Oh my God …what was …it wasn’t real. None of it was real. He started to hyperventilate. He was going into shock and everyone tried to calm him down as best as they could. One of the nurses laid him fully back onto the bed and placed an oxygen mask on his face. He moved his head slowly from left to right trying to fight them, but a voice, a familiar yet strange voice calmed him to the point of stillness.
“Mom! Where’s my mom? I’m looking for my mother,” a young boy brushed past the nurses that crowded the doorway. “Mom, what’s going …on–” He couldn’t finish, as he stood in awe of Mason.

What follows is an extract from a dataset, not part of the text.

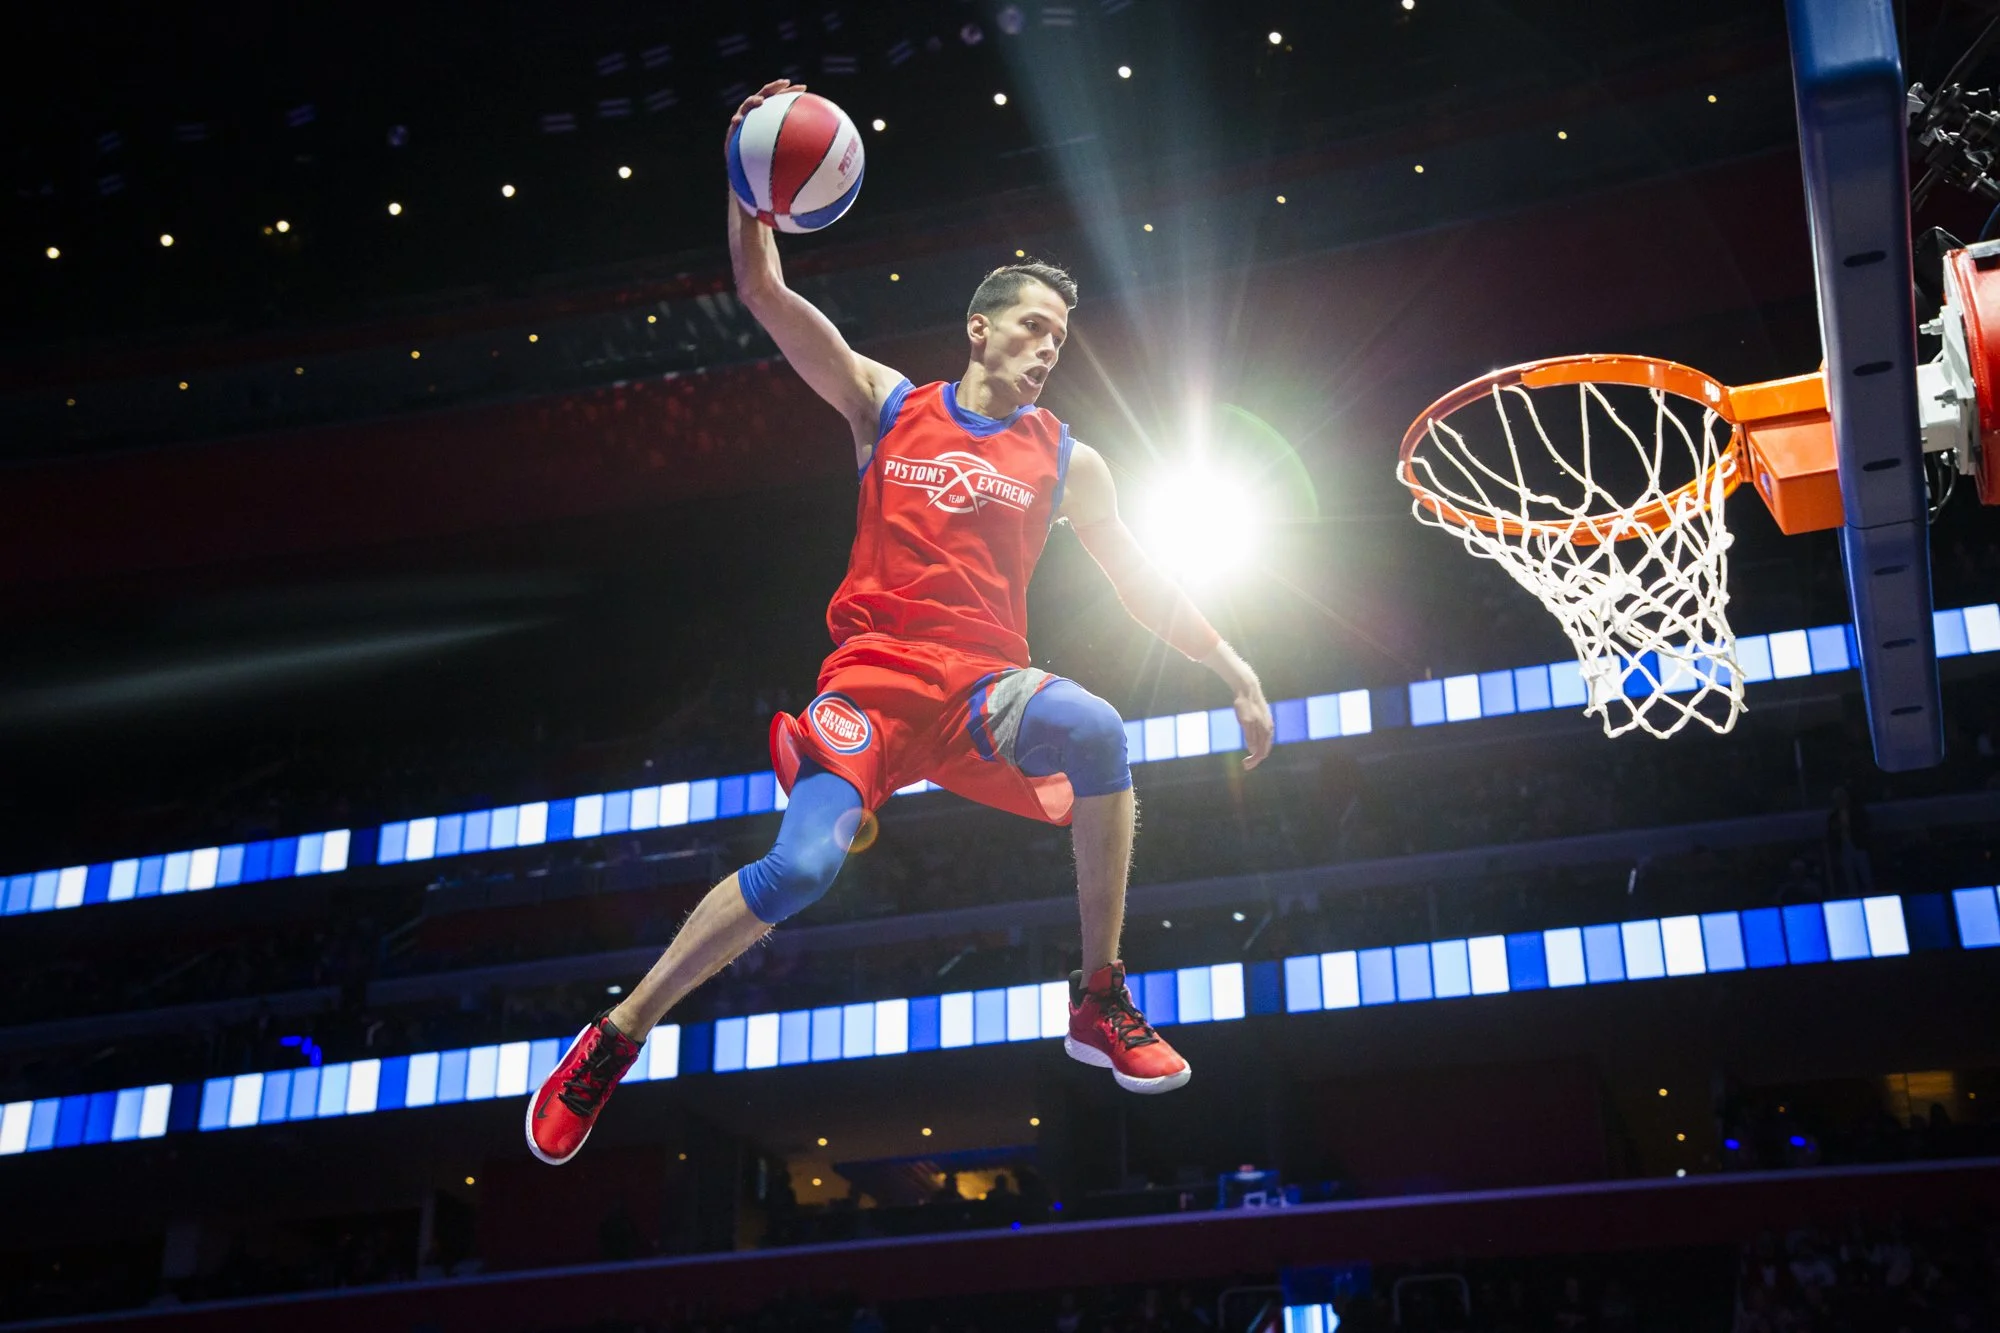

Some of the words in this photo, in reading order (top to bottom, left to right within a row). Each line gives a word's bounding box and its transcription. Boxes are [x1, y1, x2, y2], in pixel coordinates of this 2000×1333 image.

Mason turned his head, moving his face from beneath the oxygen mask. His eyes were red and swollen, but he saw him – a young boy, not yet in high-school, a few inches shorter than himself, the same complexion. Those are my eyes…those are my ears… that’s my nose.
The young boy looked at him with a shocked expression as if he had been waiting, to see him, to meet him for the very first time. Sydney placed her hand on his back and walked him to the side of the bed as Mason’s eyes followed the boy, nervously moving closer and closer.

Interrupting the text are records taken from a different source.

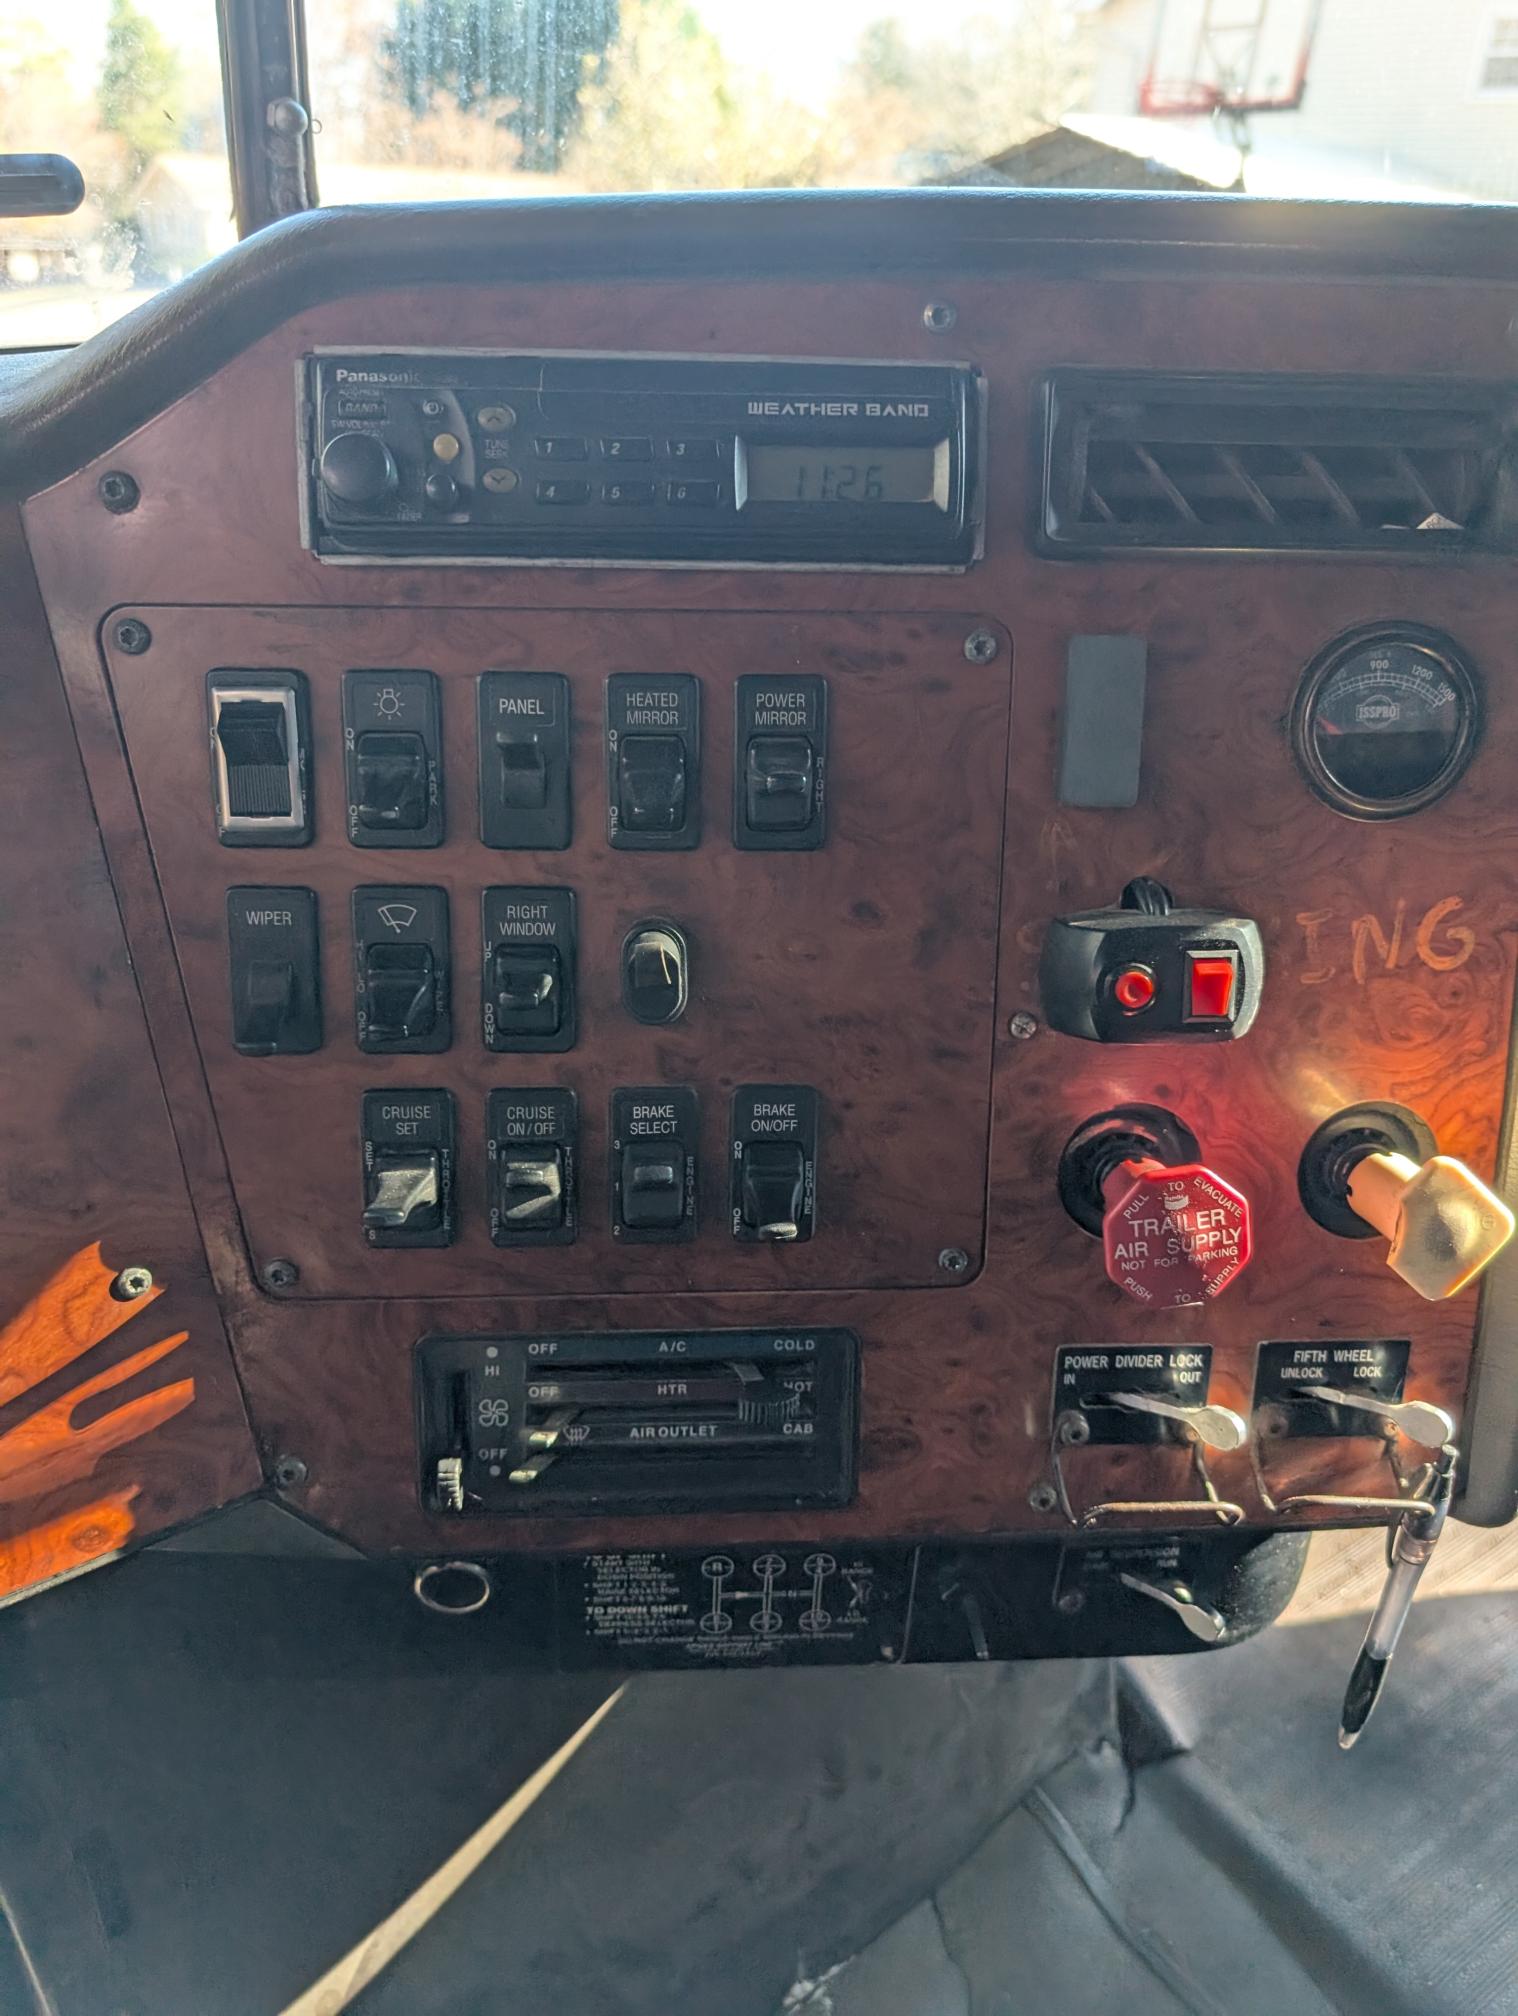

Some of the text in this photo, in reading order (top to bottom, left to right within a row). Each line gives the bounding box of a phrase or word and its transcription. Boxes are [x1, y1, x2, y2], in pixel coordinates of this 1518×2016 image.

[336, 369, 420, 384] Panasonic
[748, 402, 929, 417] WEATHER BAND
[545, 442, 552, 453] 1
[610, 442, 620, 454] 2
[676, 443, 685, 455] 3
[546, 487, 555, 497] 4
[611, 487, 620, 498] 5
[677, 487, 686, 498] 6
[1370, 659, 1389, 670] 900
[1412, 664, 1433, 681] 1200
[1438, 682, 1456, 701] 1500
[499, 698, 544, 715] PANEL
[626, 693, 678, 707] HEATED
[756, 693, 805, 708] POWER
[626, 711, 679, 725] MIRROR
[755, 711, 806, 725] MIRROR
[346, 728, 354, 751] ON
[608, 730, 618, 752] ON
[428, 761, 437, 805] PARK
[349, 805, 359, 837] OFF
[609, 806, 618, 838] OFF
[246, 911, 292, 925] WIPER
[507, 905, 548, 919] RIGHT
[499, 922, 556, 936] WINDOW
[484, 1003, 496, 1044] DOWN
[382, 1106, 431, 1119] CRUISE
[507, 1106, 554, 1119] CRUISE
[633, 1105, 674, 1119] BRAKE
[753, 1104, 796, 1117] BRAKE
[395, 1122, 419, 1135] SET
[630, 1121, 677, 1135] SELECT
[751, 1119, 798, 1132] ON/OFF
[488, 1140, 497, 1160] ON
[614, 1140, 621, 1150] 3
[734, 1141, 742, 1159] ON
[365, 1141, 374, 1171] SET
[686, 1157, 694, 1216] ENGINE
[805, 1161, 813, 1215] ENGINE
[1123, 1177, 1243, 1219] PULL TO EVACUATE
[733, 1208, 741, 1234] OFF
[1129, 1208, 1226, 1237] TRAILER
[613, 1226, 621, 1235] 2
[1114, 1227, 1242, 1259] AIR SUPPLY
[1121, 1246, 1238, 1271] NOT FOR PARKING
[1124, 1258, 1240, 1303] PUSH TO SUPPLY
[528, 1343, 558, 1355] OFF
[659, 1341, 687, 1352] A/C
[774, 1339, 815, 1351] COLD
[1065, 1353, 1203, 1369] POWER DIVIDER LOCK
[1294, 1349, 1374, 1363] FIFTH WHEEL
[485, 1365, 500, 1376] HI
[1179, 1371, 1202, 1383] OUT
[1281, 1367, 1323, 1379] UNLOCK
[1353, 1366, 1382, 1378] LOCK
[1064, 1373, 1075, 1385] IN
[528, 1386, 559, 1398] OFF
[657, 1384, 687, 1395] HTR
[658, 1425, 718, 1437] OUTLET
[783, 1423, 813, 1435] CAB
[478, 1448, 508, 1460] OFF
[607, 1605, 648, 1614] DOWN
[650, 1604, 689, 1613] SHIFT

“James…this is your dad. Mason Everett. Mason,” she cried, “this is your son James.”
My son? He remembered James. He didn’t remember how or why. He didn’t remember when. James. He remembered Erika. But how? Sydney. He lay still, unable to move by will and by his condition. His eyes filled with so many questions, but no more in fear. He just stared at the two of them, listening without saying a word to interrupt or ask a single question…he just lay there, awake for the first time in twelve ye
ars.
Epilogue
“We pick up where we left off,” Mason answered, pulling James’ attention from the window. We pick up where we left off.

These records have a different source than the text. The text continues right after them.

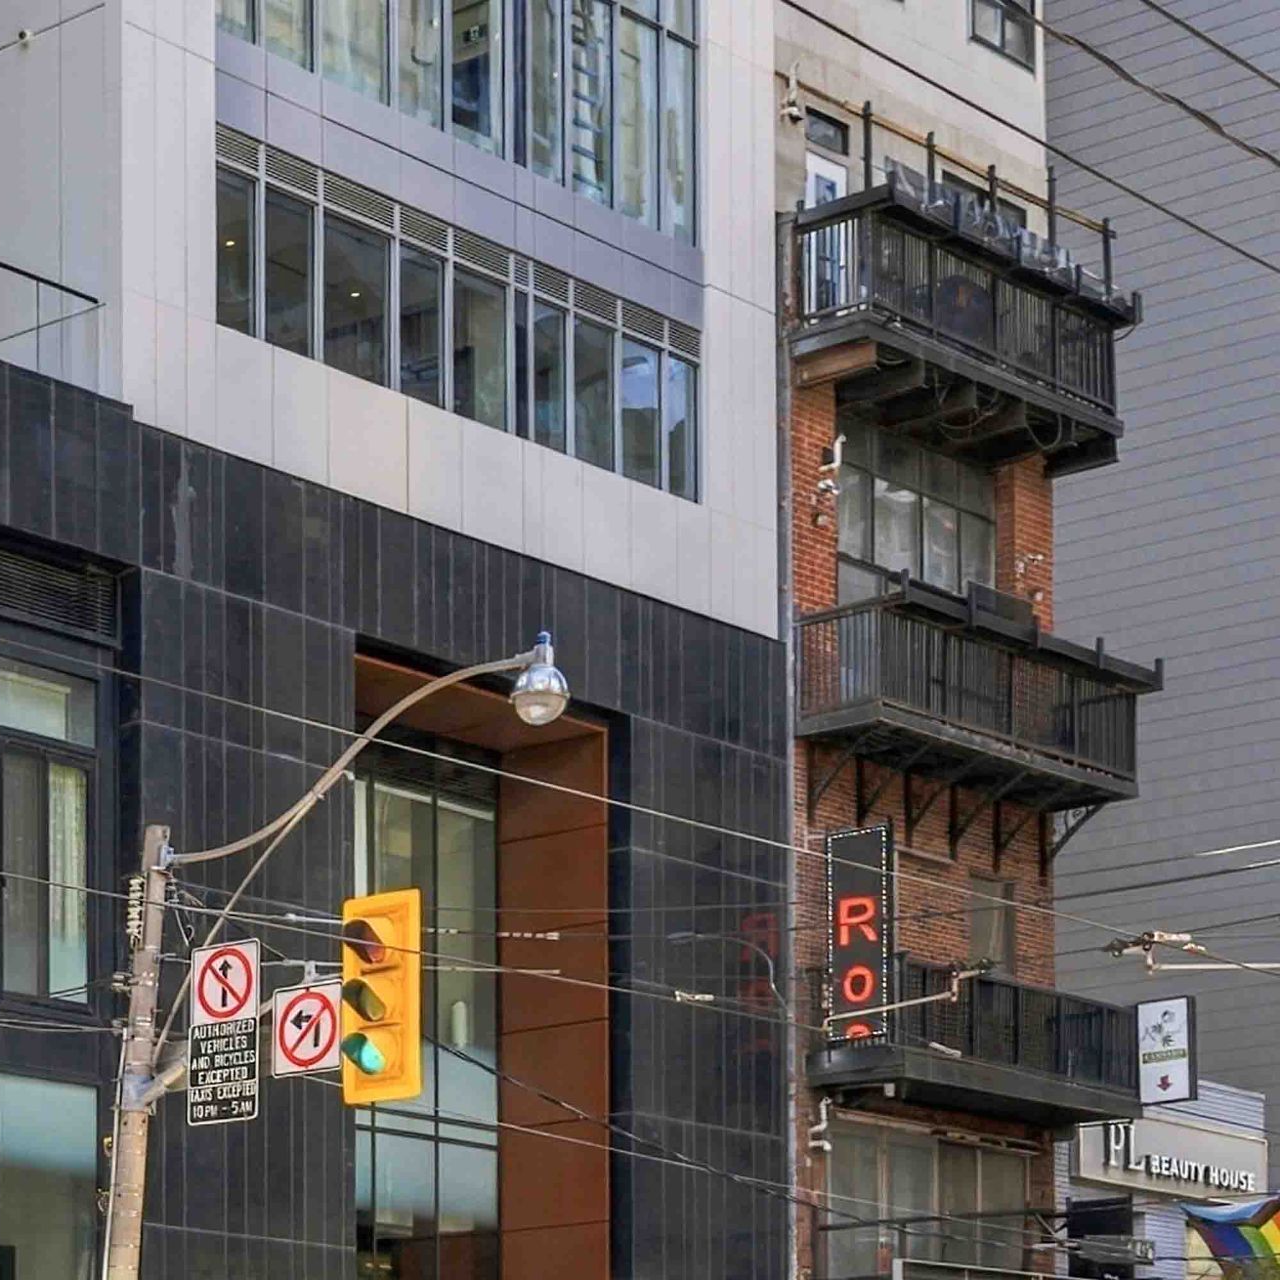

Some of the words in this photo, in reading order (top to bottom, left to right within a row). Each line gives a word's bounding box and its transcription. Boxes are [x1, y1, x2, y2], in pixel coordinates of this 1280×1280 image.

[193, 1019, 254, 1039] AUTHORIZED
[200, 1036, 247, 1054] VEHICLES
[192, 1057, 210, 1070] AND
[214, 1050, 256, 1067] BICYCLES
[198, 1066, 248, 1084] EXCEPTED
[190, 1088, 213, 1102] TAXIS
[217, 1082, 256, 1099] EXCEPTED
[1109, 1124, 1145, 1170] PL
[1151, 1154, 1205, 1182] BEAUTY
[1209, 1165, 1255, 1191] HOUSE

Mason smiled, feeling a sudden rush of unexpected emotion form wells of tears in his eyes as they pulled up to the church. There were so many faces walking past the limousine trying to peek inside beyond the tinted windows, but none of them could see. Even as Mason smiled as if they could, there wasn’t one face he recognized until he saw one woman, frail and old, walking slowly as she hung on the arm of one of the ushers. She was barely able to lift her legs onto the steps in front of the church. Her hair was pure white, reflecting the sun like she had been crowned with a halo. Mason gasped, trying to catch his breath. Mom, he whispered to himself. The last time he’d actually seen her was at Jackson’s wedding, and his words to her had been far from pleasant. Sydney told him she’d visited a lot while he was in the hospital, but in the last year during his rehabilitation he hadn’t seen or spoken to her once. He watched her walk in, realizing that in all these years all she ever really wanted to do was say, ‘I’m sorry,’ ‘I love you’, and ‘it wasn’t your fault’. He leaned back into the seat, turning away from the window, and covered his mouth with his hands to keep the tears at bay. Even though now he realized that everything he imagined while he was in a coma never happened, he still felt like it was real. Because of that, Mason wasn’t angry anymore. He didn’t hate anymore; he didn’t hurt anymore. He looked at his mom and felt nothing but love - something he hadn’t felt in a long time.
“I think we should go in before Mom loses it,” James insisted.
They were a few minutes late, but Mason was still holding onto every minute as if he feared falling asleep and waking up to find out it had all been a dream again.
“She hasn’t lost it yet. I’m sure she’ll be fine if I wait here for a few more minutes,” he uttered.